Category Archives: Aviation

A Century of Southern California Aerospace

Blue Sky Metropolis Exhibition at Huntington Library (Photo:Tim Jones)
Blue Sky Metropolis Exhibition at Huntington Library (Photo:Tim Jones)

One of my favourite NASA clips shows the 1972 Apollo 17 lunar module blasting off, bringing home astronauts Eugene Cernan and Harrison Schmidt – the last humans to set foot on the moon.

The film is presently looping, next to an R-18 rocket engine like the one used in the ascent, at the Huntington Library’s  Blue Sky Metropolis exhibition –  chronicaling a hundred years of Southern Californian aerospace.

RS-18 Lunar Module Engine on Display
RS-18 Lunar Module Engine on Display (Photo:Huntington Library Flickr)

There wouldn’t be much of an economy in the region if it wasn’t for aerospace  – that, and the entertainment industry.

From the first fly-ins and air-meets of Wright Brothers’ style aeroplanes in 1910, to the birth of commercial aviation in the 1920s, to World War II fighter production and surveilance aircraft for the Cold War, to a still evolving space programme; this single-room display is an impressive distillation of the events, people, and motivations behind it all.

Blue Sky Metropolis Exhibition at the Huntington Library (Photo:Tim Jones)
Blue Sky Metropolis Exhibition at the Huntington Library (Photo:Tim Jones)

Documented photographs dominate the display.  I liked this shot of a flight hostess in 1929, framed serving tea in the doorway of a Transcontinental Air Transport (TAT) passenger aircraft – something of a contrast to pilot Amelia Earhart leaning against the hanger doors of an aircraft factory.

TAT Hostess, 1929 (Photo: Huntington press release)
Amelia Earhart at Lockheed, 1930s (Photo: Huntington press release)









Politics might not be the most noble motivation for the conquest of space, but the launch of Sputnik 1 by the Russians in 1957 sure pushed the pace.   In 1958, under Eisenhower and with the passing of the National Aeronautics and Space Act, NASA was formed.  Later that year, the Jet Propulsion Laboratory’s Explorer 1 satellite (the horizonal object in the glass case above) shot into orbit in response to the Sputnik challenge.

The accompanying social commentary is also fascinating, and with family connections (on my wife’s side), we found the photographs of 50’s/60’s laboratory life – like JPL’s all-women ‘platoon’ of mechanical calculator operators lined up at their desks – especially interesting.

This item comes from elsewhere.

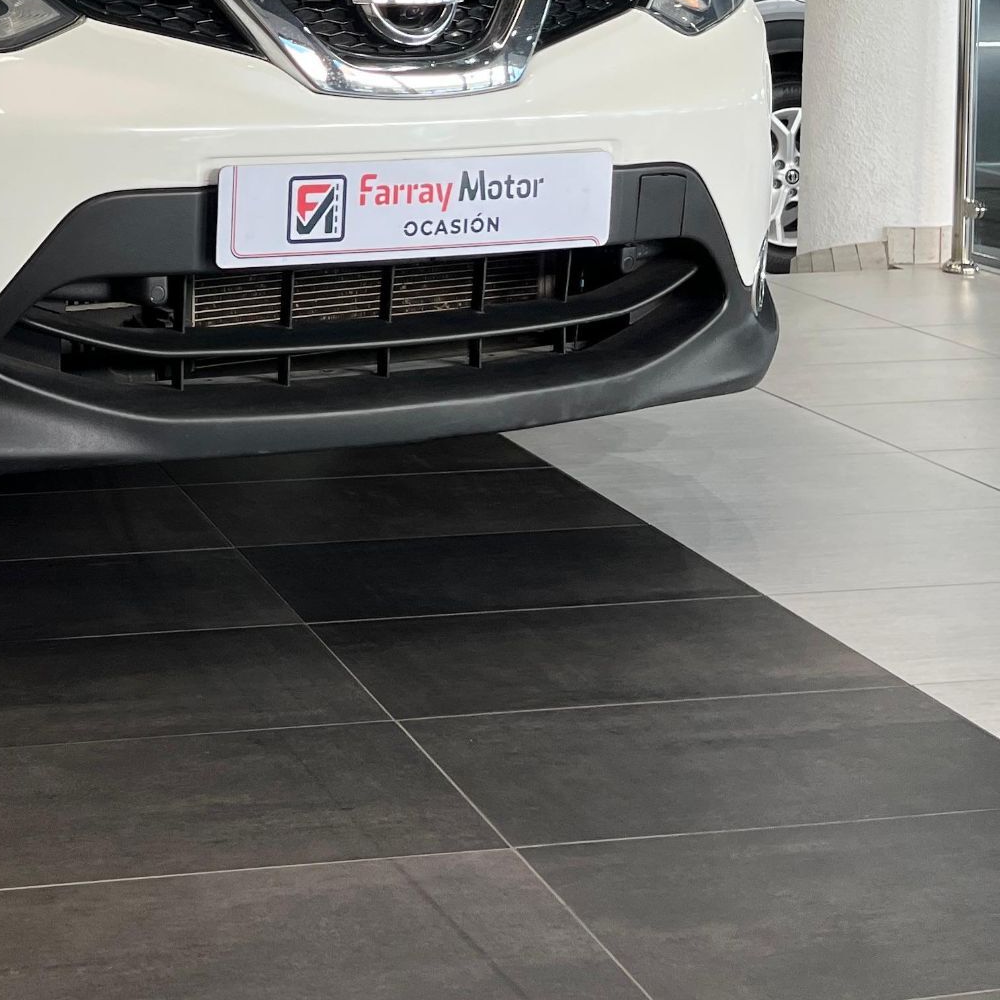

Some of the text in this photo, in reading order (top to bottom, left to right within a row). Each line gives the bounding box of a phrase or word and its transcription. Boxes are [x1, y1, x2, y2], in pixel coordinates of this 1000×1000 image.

(A recent scholarly analysis of NASA history can be had for free in NASA 50th Anniversary Proceedings, NASA’s first 50 Years:Historical Perspectives.  For cultural insights on the era, see my posts Home Chemistry in the Golden Age of American Science and Buck Rogers – a Copper Clad Lesson from History) )

The exhibition isn’t just about NASA though.  For more info, check out the website or visit till the 9th January 2012.


Matt Melis Shares 30 Years of the Space Shuttle at the London Science Festival

There are so many science events going on in London at the moment, it’s hard to know what to join and what to skip.  But last night’s London Science Festival talk by NASA’s  Matt Melis was a no-brainer – and quite excellent.

Matt Melis, NASA Glenn Research Center at London Science Festival 2011
Matt Melis, NASA Glenn Research Center at London Science Festival (Photo:Tim Jones)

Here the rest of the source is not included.